A University of Wisconsin professor received a Summer 2021 Research Service Grant Award for her project “Birthing Paradox: Race, Colonization, and Radicalism in US Midwifery.”
The Research Service Grant Program recognizes service contributions of untenured faculty members — especially women and people of color — according to the UW Professional Development website.
The university has offered this grant for over 10 years. One to three are typically awarded each summer, Interim Assistant Vice Provost Tanya Hubanks said.
Annie Menzel, the sole recipient this year, is a professor in UW’s Department of Gender & Women’s Studies.
Her summer project focuses on the contradictory nature of homebirth midwifery in the United States.
“Even though such a small number of people choose homebirth, it’s been incredibly influential in shaping rhetoric and ideas about birth,” Menzel said. “It’s also transformative in the present day as a kind of quietly radical political care … but contemporary homebirth midwifery tends to be disproportionately accessible to white consumers with means.”
On one side of this discussion is the white midwives and homebirth clients who called for the demedicalization of birth during the 1970s, Menzel said. This generation of women was driven by trauma from hospital births which included non-consensual drugging, being tied down to birth tables and having their babies forcibly removed, Menzel said.
Menzel said she believes these women’s experiences of violation gave them tunnel vision regarding reproductive violence at the heart of colonialism and anti-Black racism. While they could access hospitals and were encouraged to reproduce, they were not cognizant of the reproductive violence, sexual violence and forced sterilization being used as a primary weapon against indigenous and Black communities.
“In the eyes of obstetricians and mainstream medical care, they were always valued as the legitimate birthers — married, white, able-bodied women,” Menzel said. “And yet, at the same time, they did really experience some very violent practices that were just routine at the hospital at the time.
Menzel said their trauma should not be ignored, but by positing themselves as the victim of medical dominion, they perpetuated exclusions which became increasingly apparent as homebirth midwifery became more regulated during the 1980s and 90s.
For instance, Menzel examined a phenomenon of tokenizing Black midwives — as sociologist Keisha Goode tracked — and failures to take up the concerns of anti-racism of genocide and dispossession.
Another related paradigm involves inaccessibility for non-white midwives and clients. Menzel said many forms of insurance do not cover homebirths and in most states they are not reimbursed by Medicaid. The legality and regulation of homebirths also differs from state to state, Menzel said.

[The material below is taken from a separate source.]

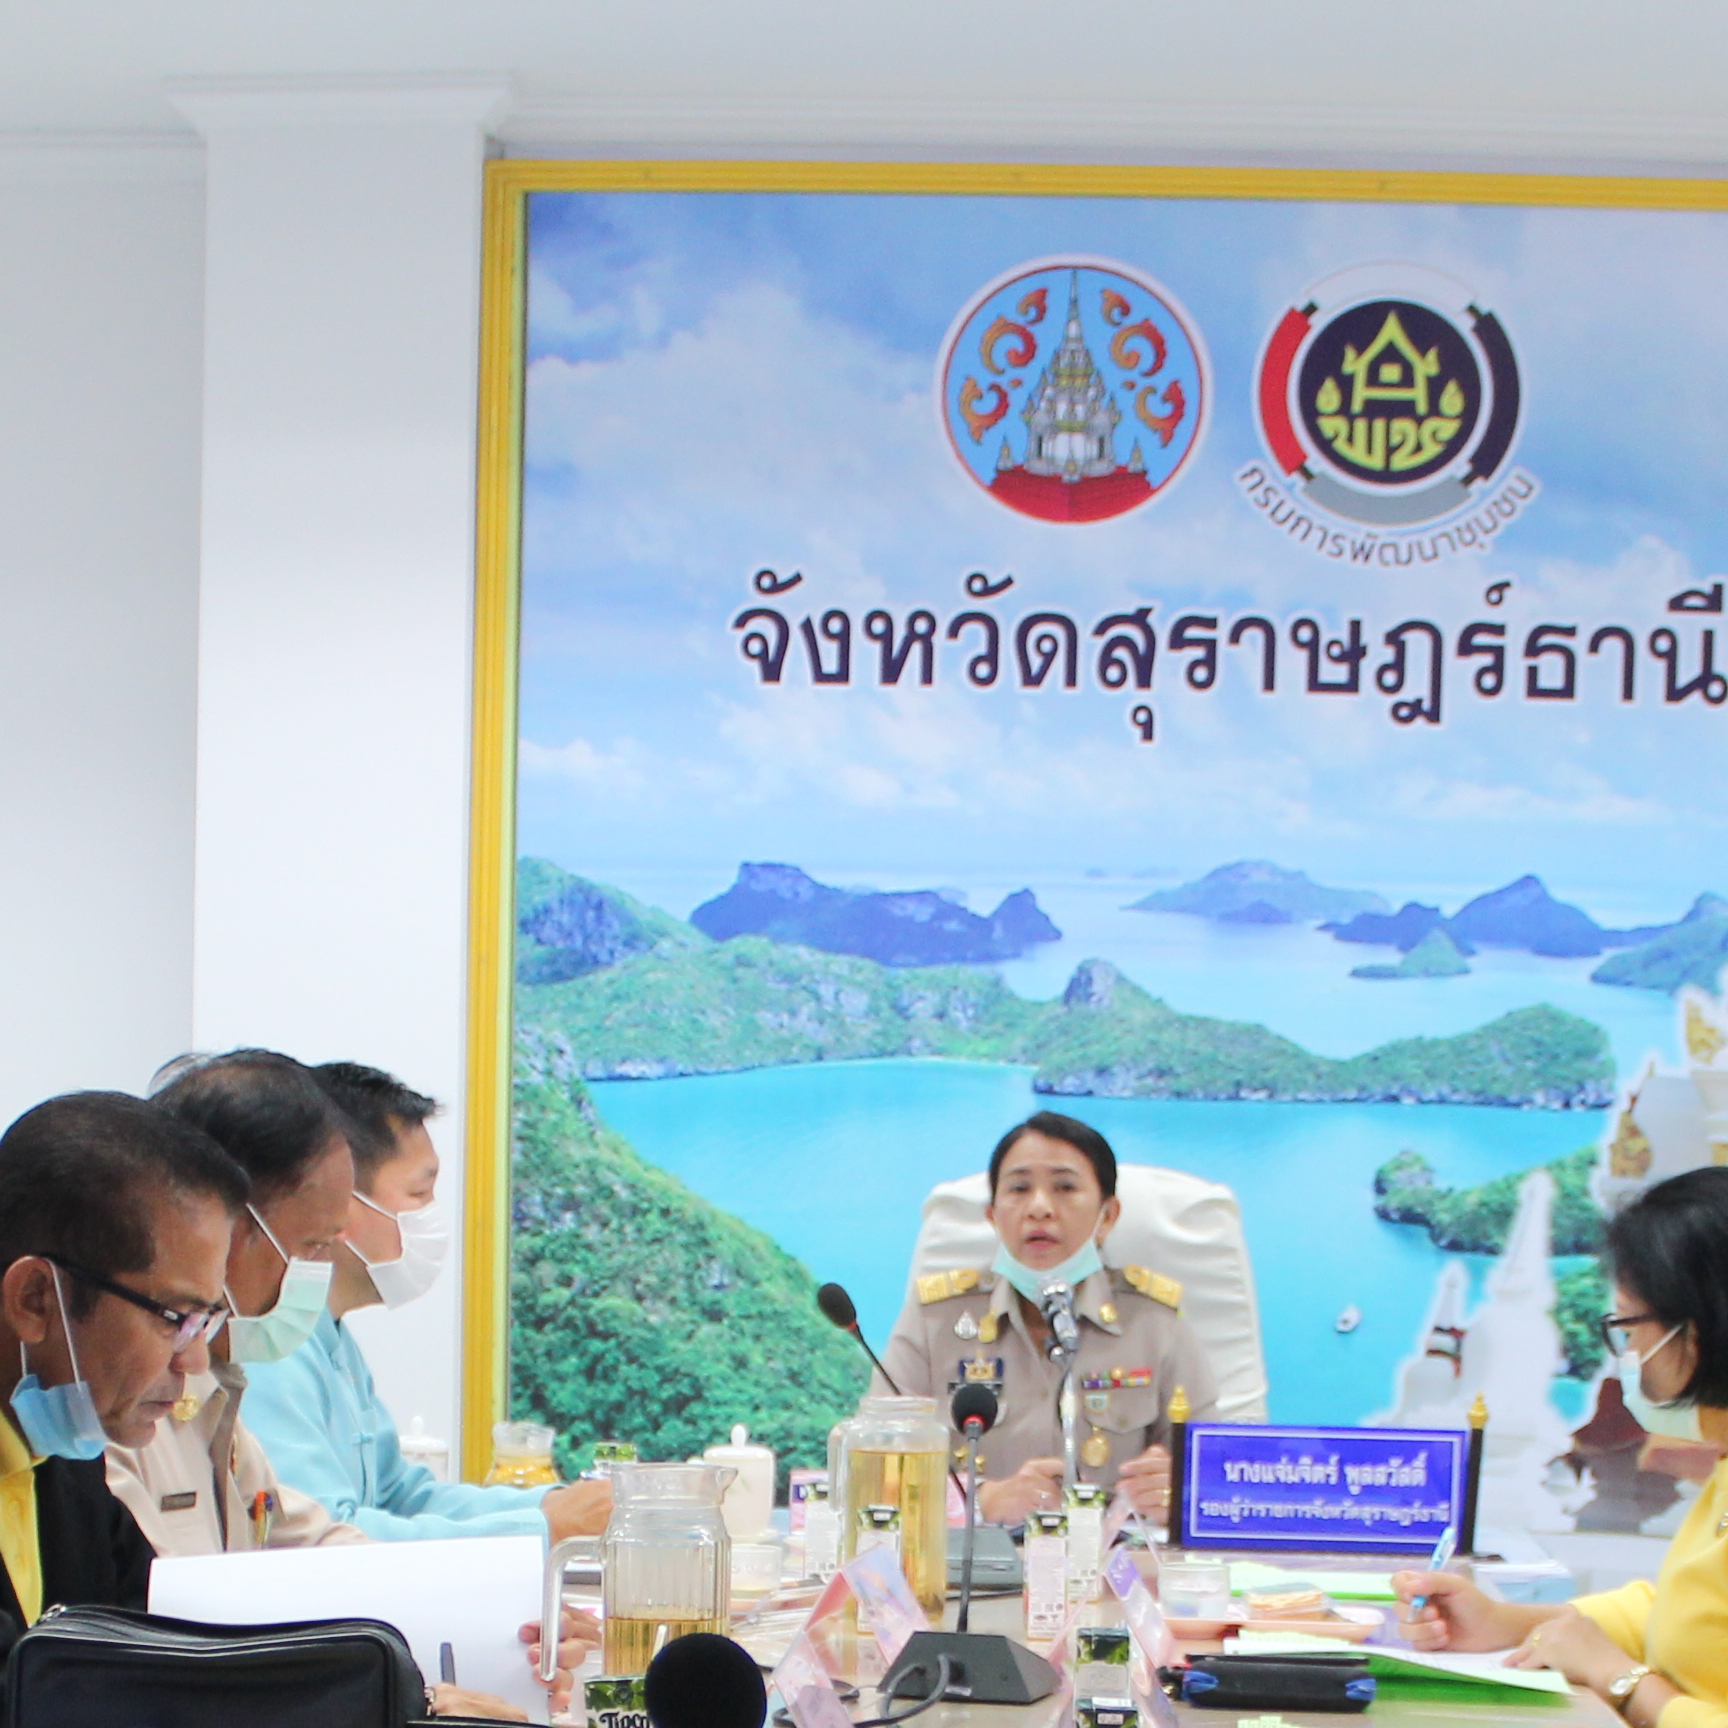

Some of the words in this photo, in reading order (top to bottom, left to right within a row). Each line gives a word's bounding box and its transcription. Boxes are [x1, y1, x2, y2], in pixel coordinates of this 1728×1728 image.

[1239, 465, 1536, 566] กรมการพัฒนาชุมชน

“Because it’s all on a state-by-state basis what midwives are called and how they’re regulated, that is actually also a big reason why it remains inaccessible,” Menzel said. “At this point, in a majority of cases, if you want a homebirth, you have to be able to pay all or a big chunk of it out of pocket.”
Menzel said the project also looks at the breadth of countercultures within the movement to reclaim birth in the 1970s. Specifically, it will focus on the tension between founding constituencies like conservative Christian communities and lesbian midwives, according to Menzel.
Menzel said she is also interested in looking at ways to push past home birth midwifery’s structural barriers in order to clear a path for just and patient-centered care accessible to all.
“It really concerns me that that’s the case even within midwifery which does offer a really beautiful model but again is hampered by these exclusions still being perpetuated even with this potentially transformative model of care,” Menzel said.
Menzel said she focused her work on the paradoxes she observed for many years. Since training as a midwife and living in these contradictions, Menzel said she continues to read about and speak with the midwifery community.
For example, Menzel said she looks to many reproductive justice visionaries including Madison’s Harambee Village doulas, Milwaukee’s Maroon Calabash and Tehmina Islam of Access Midwifery to hear their perspectives regarding the ways and means through which white midwifery continues to put barriers in the paths of aspiring midwives of color.
She said she also hopes to highlight the work and perspective of the Wiiji-Nitaawiginaawasojig Indigenous Birth Services in Northern Wisconsin.
“Birthing Paradox: Race, Colonization, and Radicalism in US Midwifery” will continue the conversation with birth communities about these exclusions, Menzel said.
“I feel like this project for me is a big collaborative attempt to … pull the parts of midwifery that are not aligned with life force into alignment in the service of shifting toward a world where everyone gets the care that they need,” Menzel said. “Obviously my project can’t do all that but I want to be a tiny part of the work that’s going on toward that.”